Vue les deux premiers épisodes. En 2015, la Suisse accueille l’Iran et les Etats-Unis en vue de négocier des Accords contre le Nucléaire Iranien. Nous suivons ces négociations dans l’ombre de la diplomatie…
Moi qui aie toujours trouvé les séries sur la diplomatie ennuyeuses, me voilà bouche bée.
Si le parti pris de ne faire jouer que des personnages fictifs est un peu déroutant, elle permet au moins de véritablement s’attacher à des personnes qu’on ne connaît pas et de leur faire faire des choses que leurs véritables interprètes ne pourraient dire, faire ou reconnaître aujourd’hui. Dans une mise en scène sobre mais efficace, la série nous rappelle qu’on peut réussir à faire des séries de très bonne qualité sans avoir un budget faramineux (pour autant, on ne sent pas une pauvreté dans l’image). On prend plaisir à suivre ces êtres humains qui se retrouvent au cœur d’un des accords les plus importants de notre siècle alors qu’ils ont eux-mêmes leurs propres enjeux. Personne n’est manichéen, même quand on parle de la dictature d’Iran.

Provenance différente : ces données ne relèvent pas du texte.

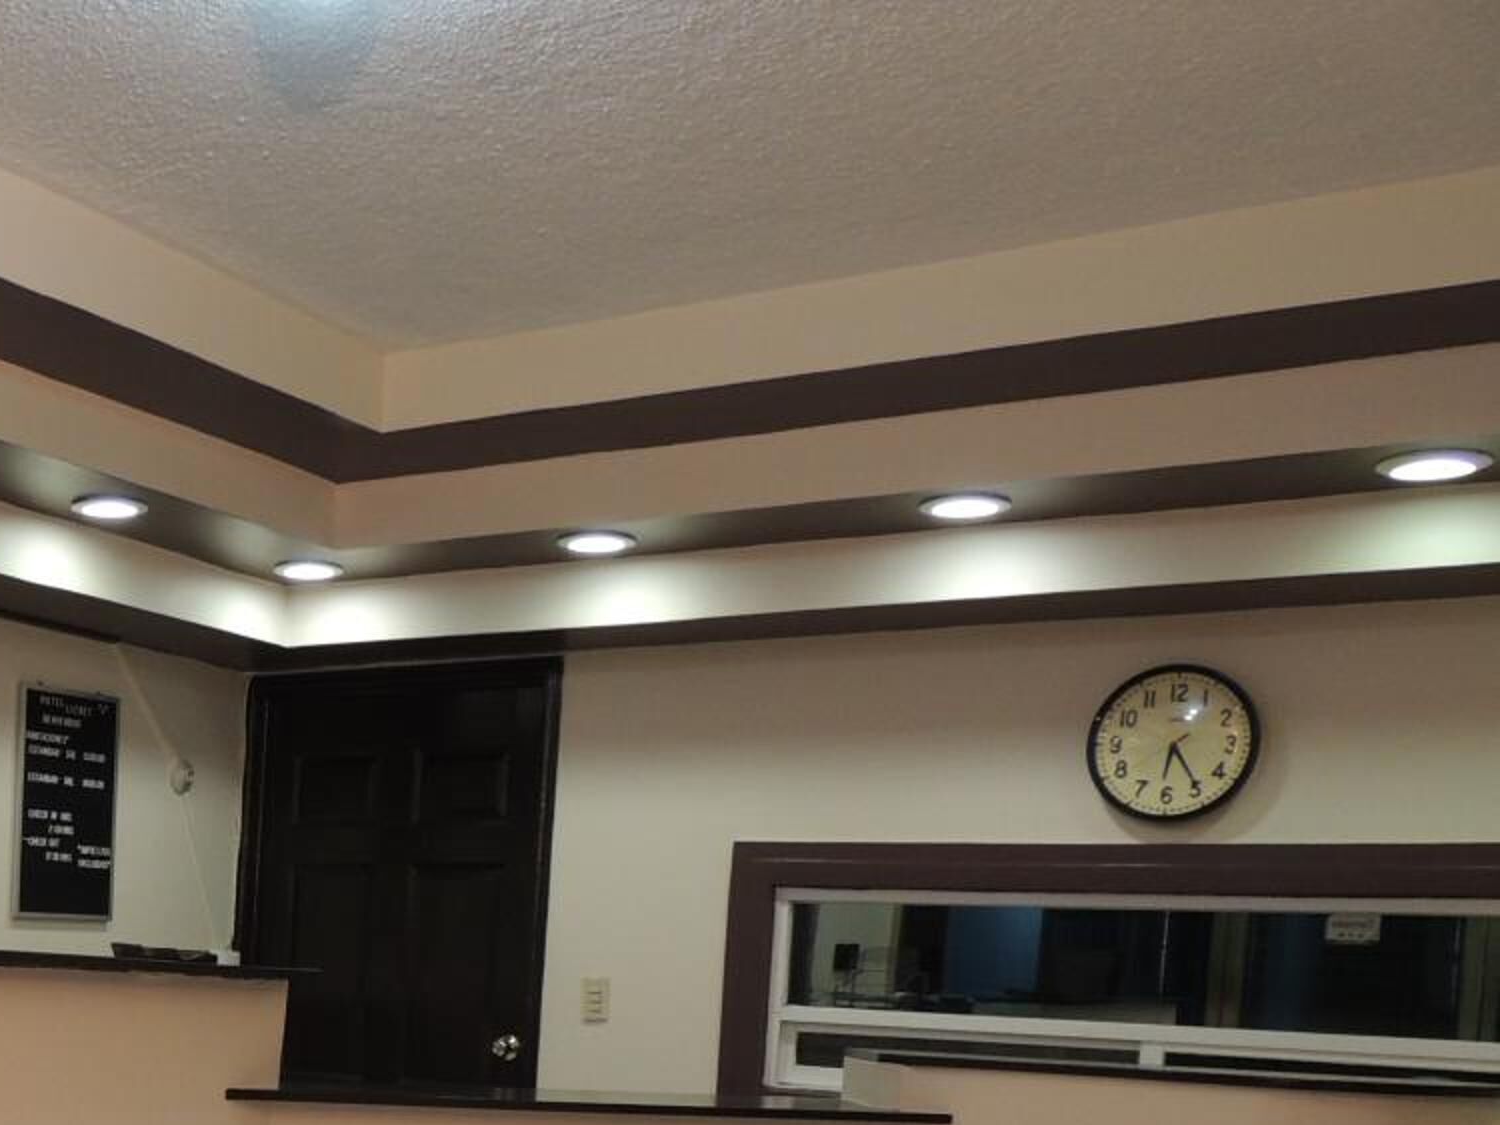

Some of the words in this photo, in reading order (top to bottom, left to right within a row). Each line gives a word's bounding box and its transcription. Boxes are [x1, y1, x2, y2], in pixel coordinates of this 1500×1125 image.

Tous sont fascinants et j’attends avec impatience la suite, qui me permettra d’en apprendre un peu plus sur une certaine histoire d’amour très bien introduite…
La barrière des langues est aussi un enjeu fascinant et j’espère que les Israéliens, les Chinois et les Russes (semi-absents des négociations) seront un peu plus présents dans la suite des aventures.